An Efficient Detection and Control System for Underwater Docking using Machine Learning and Realistic Simulation: A Comprehensive Approach

from arxiv, This work has been submitted to the IEEE for possible publication. Copyright may be transferred without notice, after which this version may no longer be accessible

Underwater docking is critical to enable the persistent operation of Autonomous Underwater Vehicles (AUVs). For this, the AUV must be capable of detecting and localizing the docking station, which is complex due to the highly dynamic undersea environment. Image-based solutions offer a high acquisition rate and versatile alternative to adapt to this environment; however, the underwater environment presents challenges such as low visibility, high turbidity, and distortion. In addition to this, field experiments to validate underwater docking capabilities can be costly and dangerous due to the specialized equipment and safety considerations required to conduct the experiments. This work compares different deep-learning architectures to perform underwater docking detection and classification. The architecture with the best performance is then compressed using knowledge distillation under the teacher-student paradigm to reduce the network's memory footprint, allowing real-time implementation. To reduce the simulation-to-reality gap, a Generative Adversarial Network (GAN) is used to do image-to-image translation, converting the Gazebo simulation image into a realistic underwater-looking image. The obtained image is then processed using an underwater image formation model to simulate image attenuation over distance under different water types. The proposed method is finally evaluated according to the AUV docking success rate and compared with classical vision methods. The simulation results show an improvement of 20% in the high turbidity scenarios regardless of the underwater currents. Furthermore, we show the performance of the proposed approach by showing experimental results on the off-the-shelf AUV Iver3.

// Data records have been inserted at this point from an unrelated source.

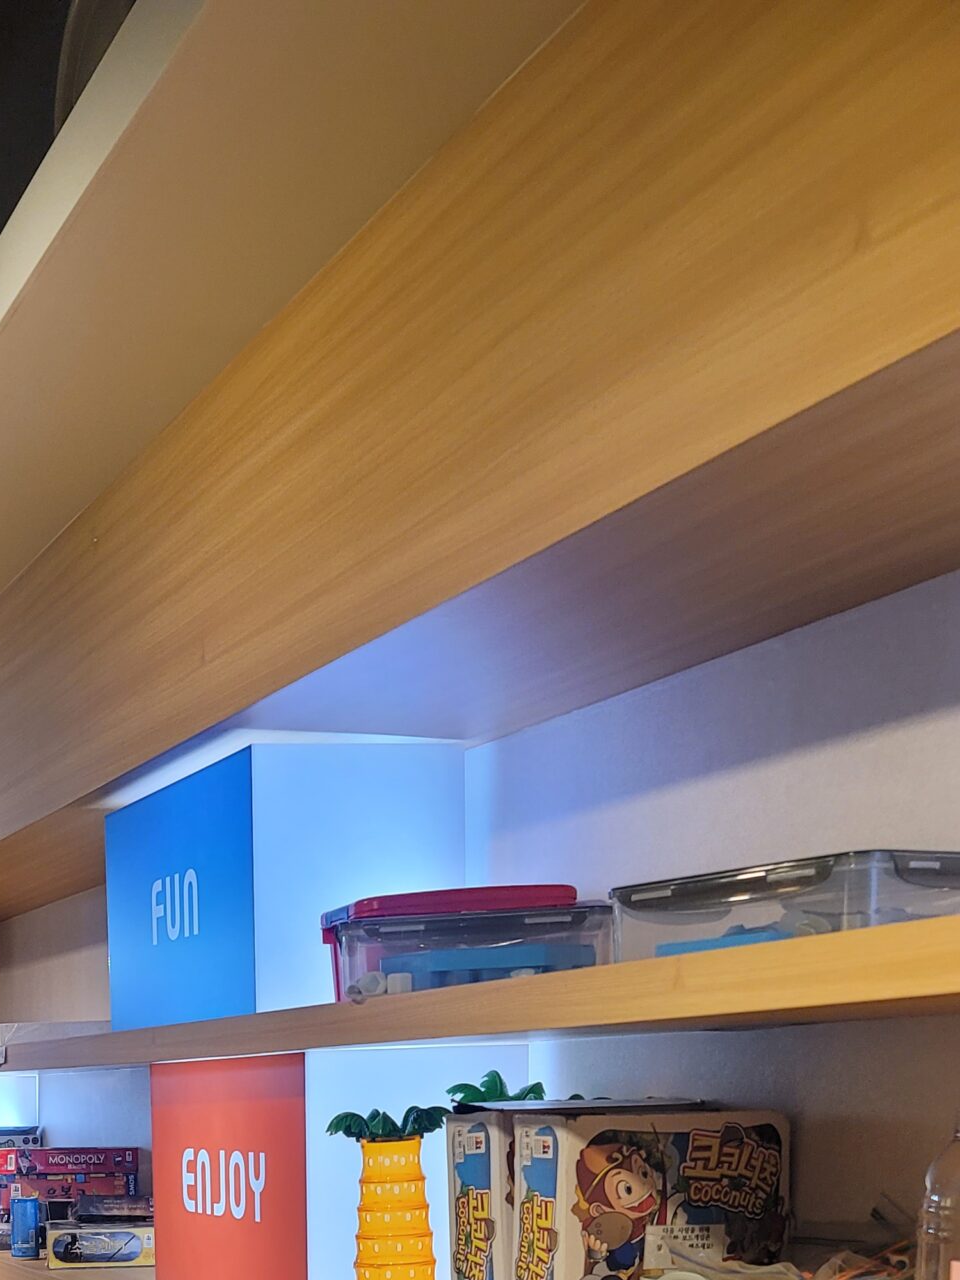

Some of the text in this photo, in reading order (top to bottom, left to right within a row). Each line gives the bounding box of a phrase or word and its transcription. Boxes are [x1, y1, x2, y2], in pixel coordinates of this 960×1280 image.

[150, 867, 199, 945] FUN
[48, 1154, 106, 1164] MONOPOLY
[182, 1147, 266, 1222] ENJOY
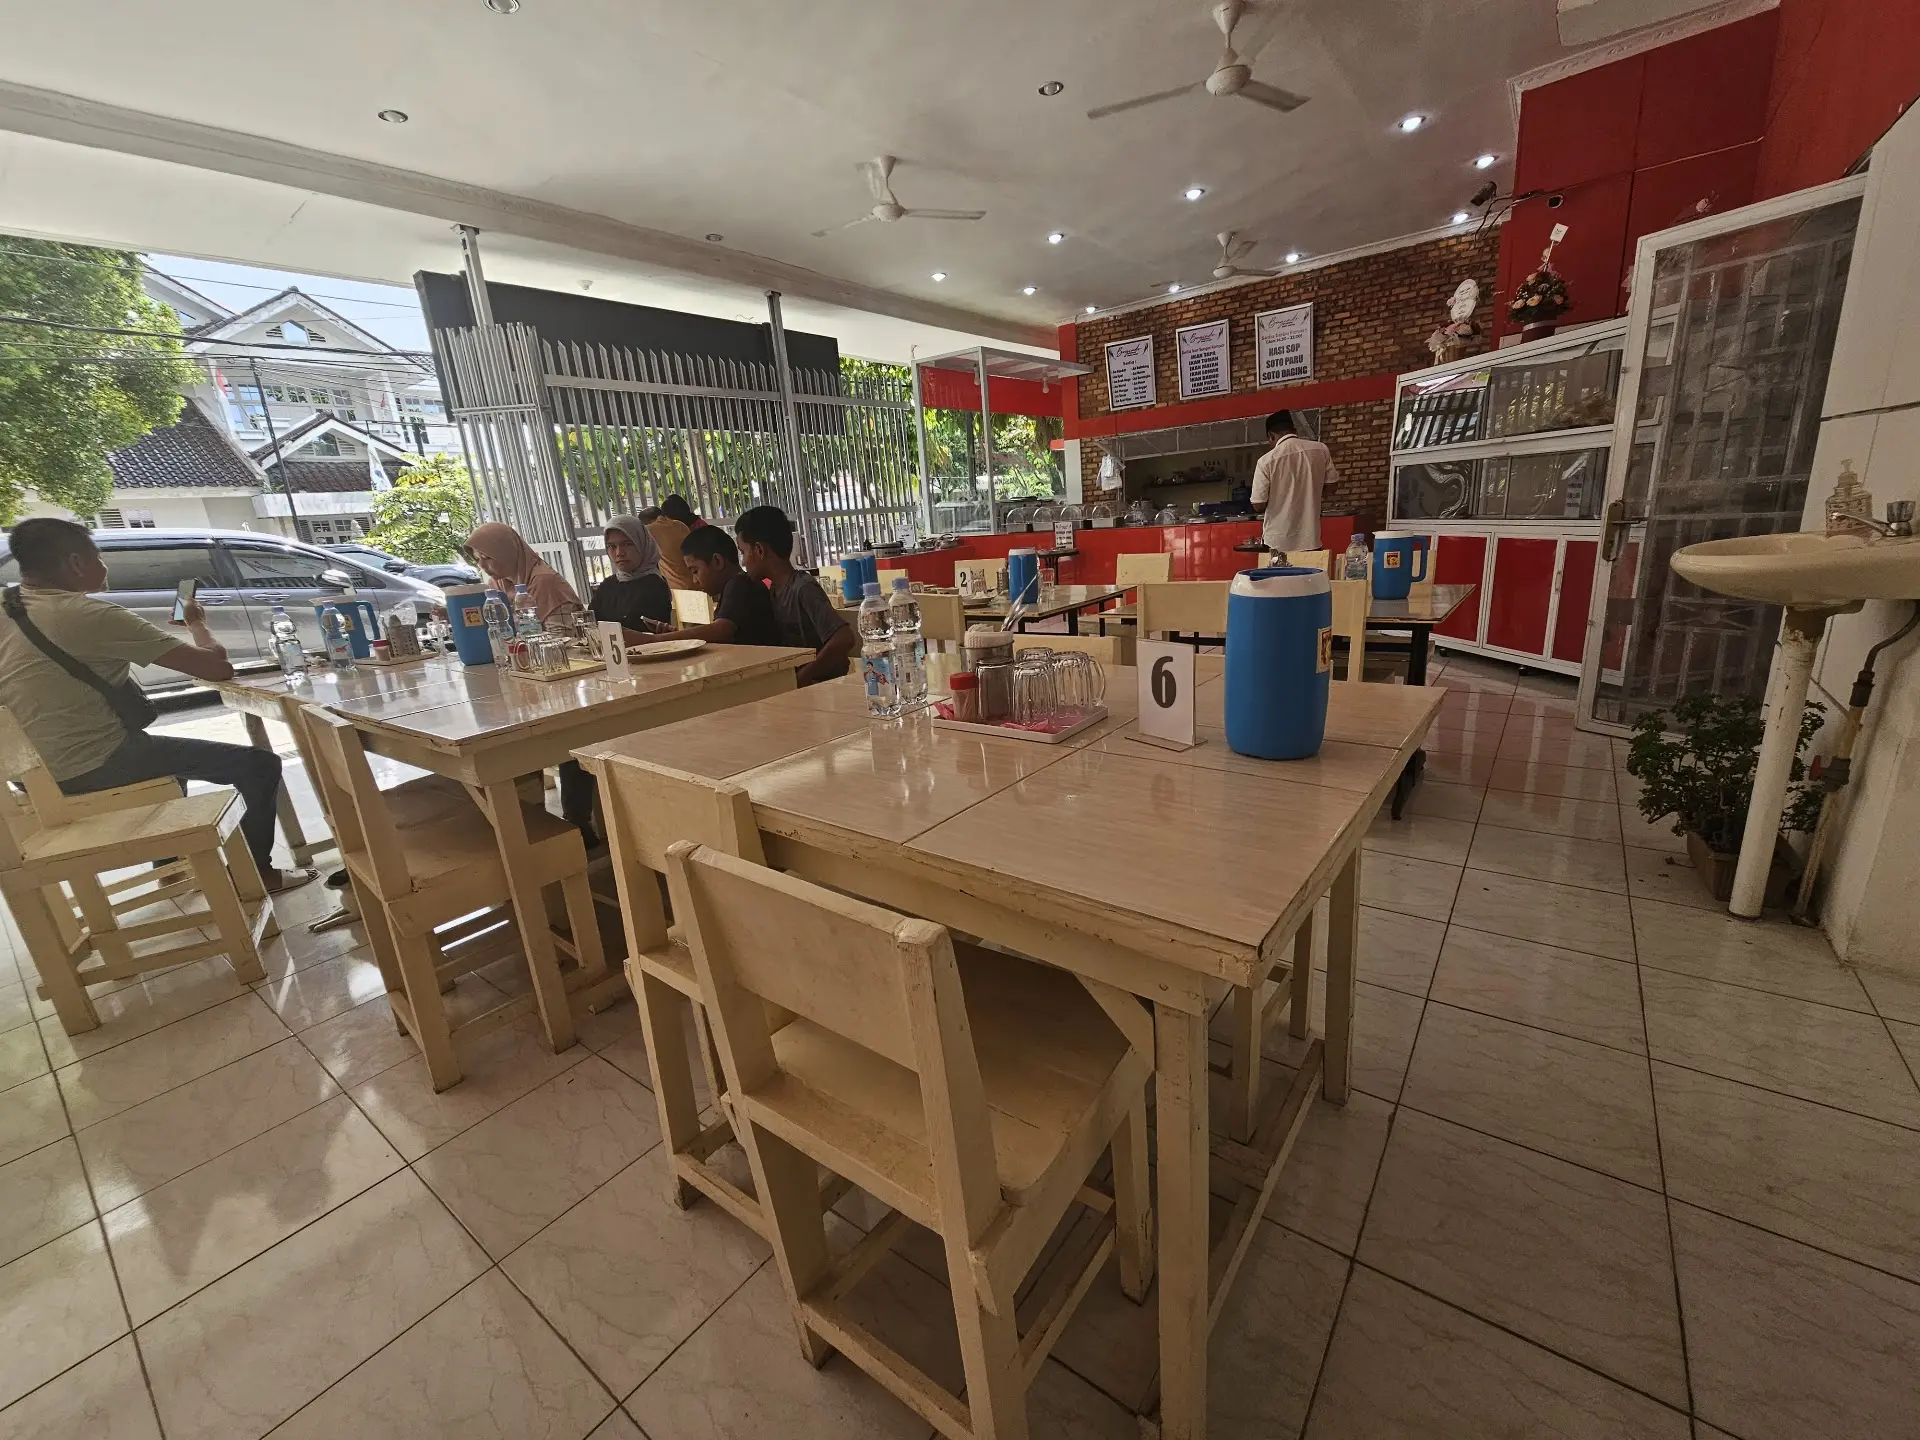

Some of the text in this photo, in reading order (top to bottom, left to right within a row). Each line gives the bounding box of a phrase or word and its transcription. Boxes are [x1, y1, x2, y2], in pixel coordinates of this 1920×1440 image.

[1269, 343, 1300, 356] NASI SOP
[1266, 354, 1304, 369] SOTO PARU
[1262, 366, 1308, 381] SOTO DAGING
[960, 571, 968, 587] 2
[609, 633, 622, 665] 5
[1151, 655, 1177, 709] 6

翻译：水下对接对于实现自主水下航行器的持久运行至关重要。为此，AUV必须能够检测并定位对接站，而高度动态的水下环境使这一任务变得复杂。基于图像的解决方案提供了高采集率和适应环境的灵活替代方案；然而，水下环境存在低能见度、高浊度和畸变等挑战。此外，由于实验所需专用设备及安全考量，验证水下对接能力的现场实验成本高昂且危险。本研究比较了不同深度学习架构执行水下对接检测与分类的性能，随后采用师生范式下的知识蒸馏对性能最优的架构进行压缩，以减少网络内存占用，实现实时部署。为缩小仿真与现实的差距，使用生成对抗网络进行图像到图像的转换，将Gazebo仿真图像转化为逼真的水下场景图像，再通过水下图像形成模型处理所得图像，模拟不同水质类型下距离导致的图像衰减。最终根据AUV对接成功率评估所提方法，并与经典视觉方法进行对比。仿真结果表明，无论是否存在水下洋流，在高浊度场景下对接成功率提升了20%。此外，我们通过商用AUV Iver3的实验结果展示了所提方法的性能。